ABSTRACT
Terrestrial mammals range over six orders of magnitude in size, while average cellular, or specific metabolic rate (sMR) varies only ∼5-fold, constrained by the strict matching of protein synthesis to cell size. Protein synthesis, the single most costly metabolic activity, accounts for 20% of ATP turnover, and the speed of translation can be increased only at the expense of increased energy dissipation due to misreading errors and stochastic translation noise. We hypothesized that global microRNA activity evolved under the same constraints as sMR and would therefore exhibit a similar pattern of variation. This expectation was met by the number of microRNA families: based on the manually curated microRNA gene database MirGeneDB, the acquisition of microRNA families (mirFam) accelerated two-fold in late-branching mammals with body temperatures (Tb) > 36°C, relative to early-branching mammals (Tb < 36°C), independent of phylogenetic distance.
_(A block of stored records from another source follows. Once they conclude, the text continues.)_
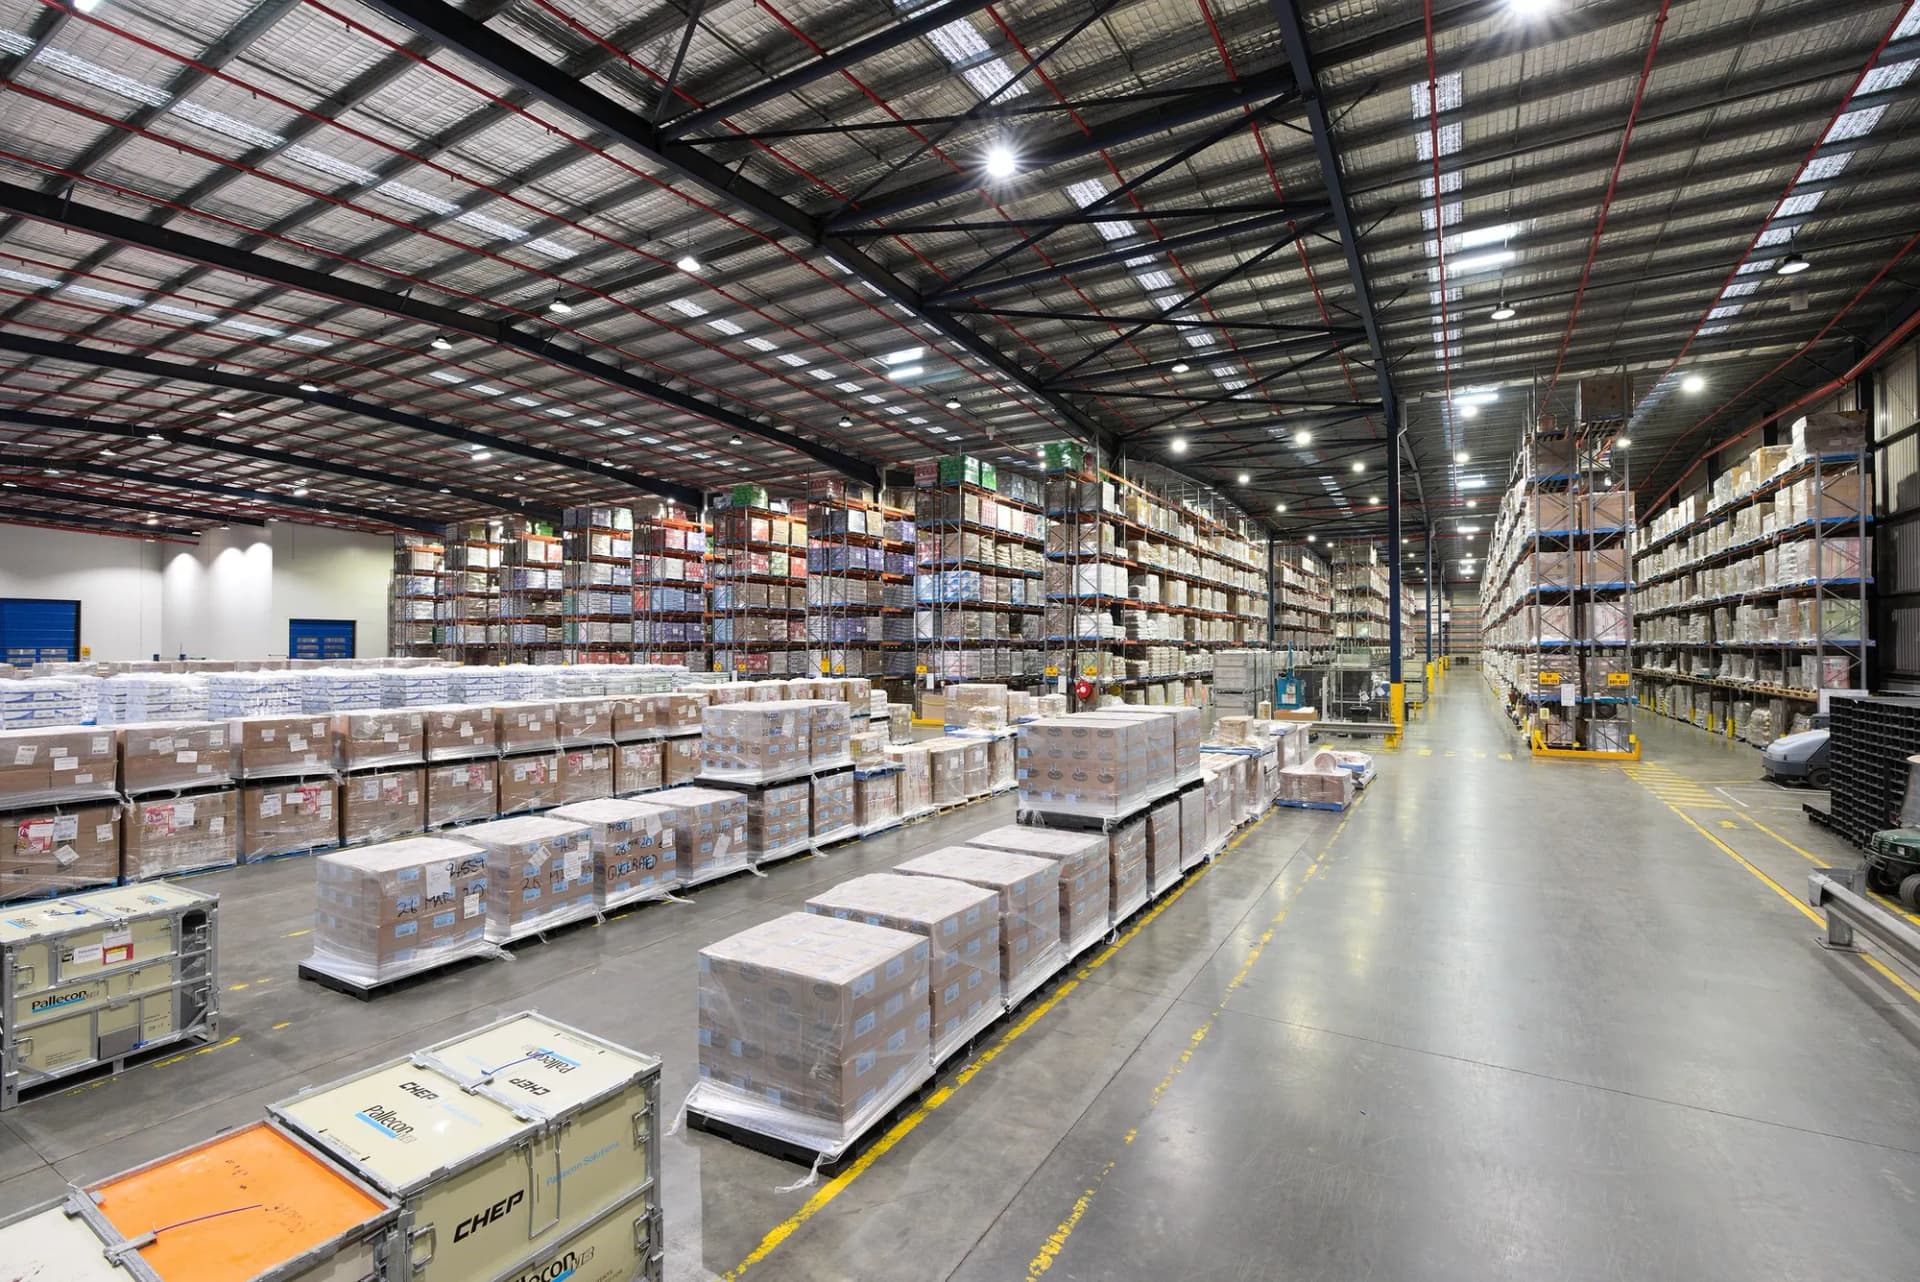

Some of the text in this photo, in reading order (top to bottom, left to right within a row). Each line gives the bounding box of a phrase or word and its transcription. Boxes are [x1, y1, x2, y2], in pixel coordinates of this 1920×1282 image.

[32, 990, 88, 1010] Pallecon
[399, 1081, 439, 1100] CHEP
[509, 1078, 551, 1096] CHEP
[363, 1104, 415, 1135] Pallecon
[453, 1190, 525, 1243] CHEP
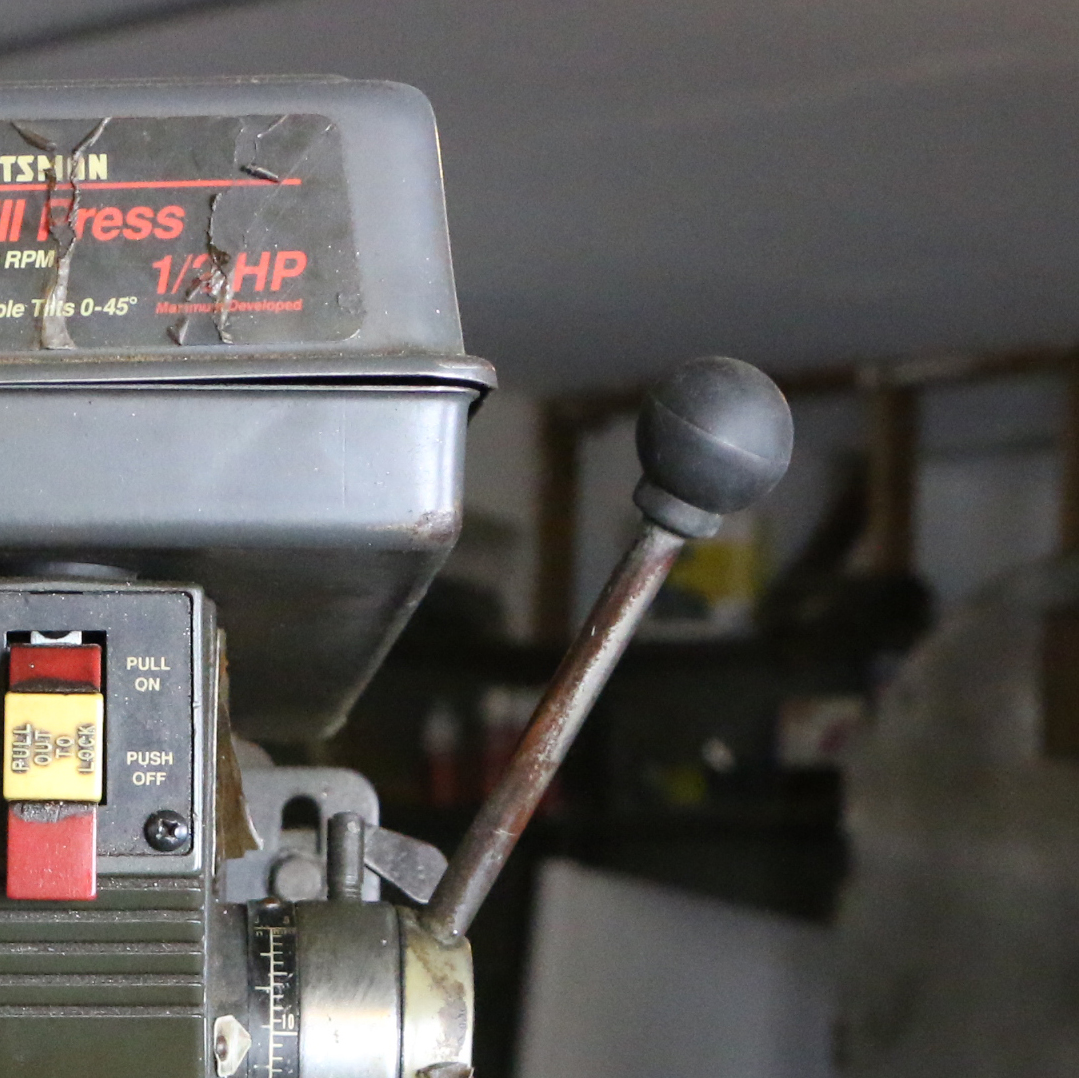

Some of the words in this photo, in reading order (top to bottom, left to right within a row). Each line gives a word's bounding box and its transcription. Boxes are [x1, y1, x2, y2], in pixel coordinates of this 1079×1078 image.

[37, 199, 186, 242] Press
[5, 250, 56, 270] RPM
[232, 250, 308, 292] HP
[80, 296, 139, 317] 0-45°
[156, 302, 224, 315] Maimu
[228, 299, 303, 315] Developed
[126, 656, 171, 671] PULL
[134, 677, 161, 691] ON
[11, 723, 32, 774] PULL
[34, 730, 52, 767] OUT
[55, 735, 74, 759] TO
[77, 724, 96, 775] LOCK
[126, 751, 174, 765] PUSH
[132, 771, 167, 786] OFF
[281, 1014, 295, 1030] 10
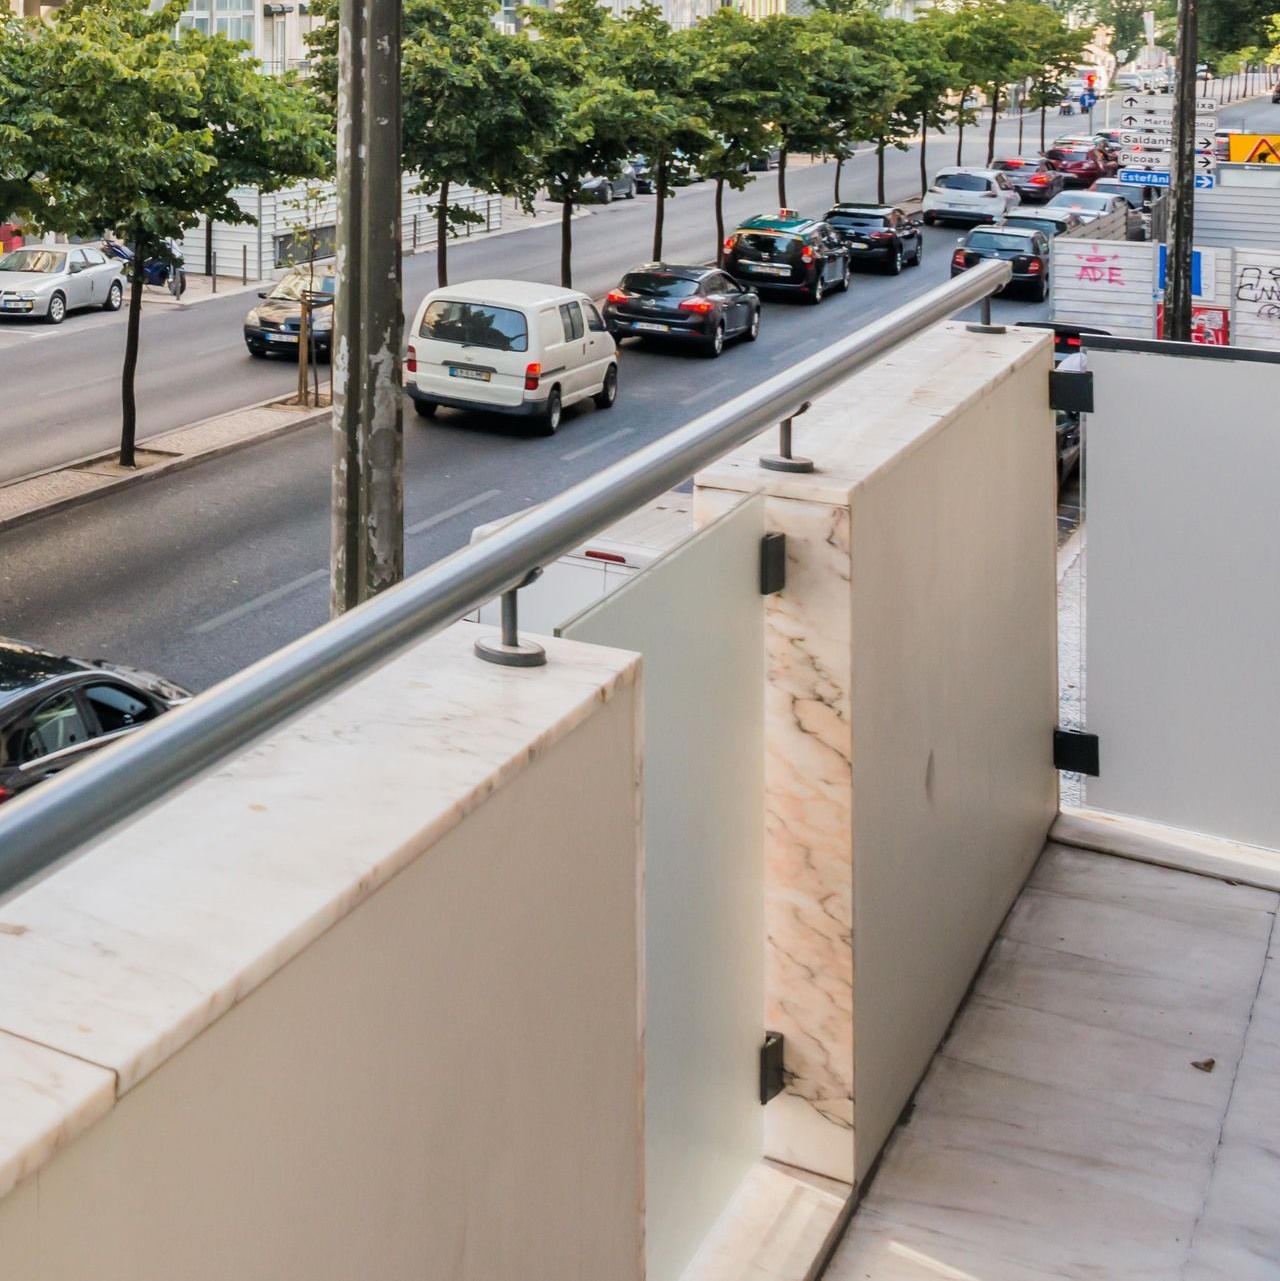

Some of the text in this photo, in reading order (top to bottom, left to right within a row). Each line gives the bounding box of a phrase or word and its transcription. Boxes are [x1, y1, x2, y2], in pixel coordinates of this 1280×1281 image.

When sMR is fit to mirFam by maximum likelihood, the variation is homoscedastic, allowing us to compare models for the evolution of sMR in relation to mirFam. With mirFam as the predictor, an Ornstein-Uhlenbeck (OU) process of stabilizing selection accounted better for the biphasic evolution of sMR than did the corresponding Brownian motion model, and was optimized when sMR was scaled to M0.75. OU simulations with an adaptive shift at the divergence of Boreoeutheria predicted 95% of the variation in sMR. We infer that the advent of placentation led to the emergence of an adaptive optimum characterized by higher body temperatures, faster MRs, and heightened global microRNA activity.
Competing Interest Statement
The authors have declared no competing interest.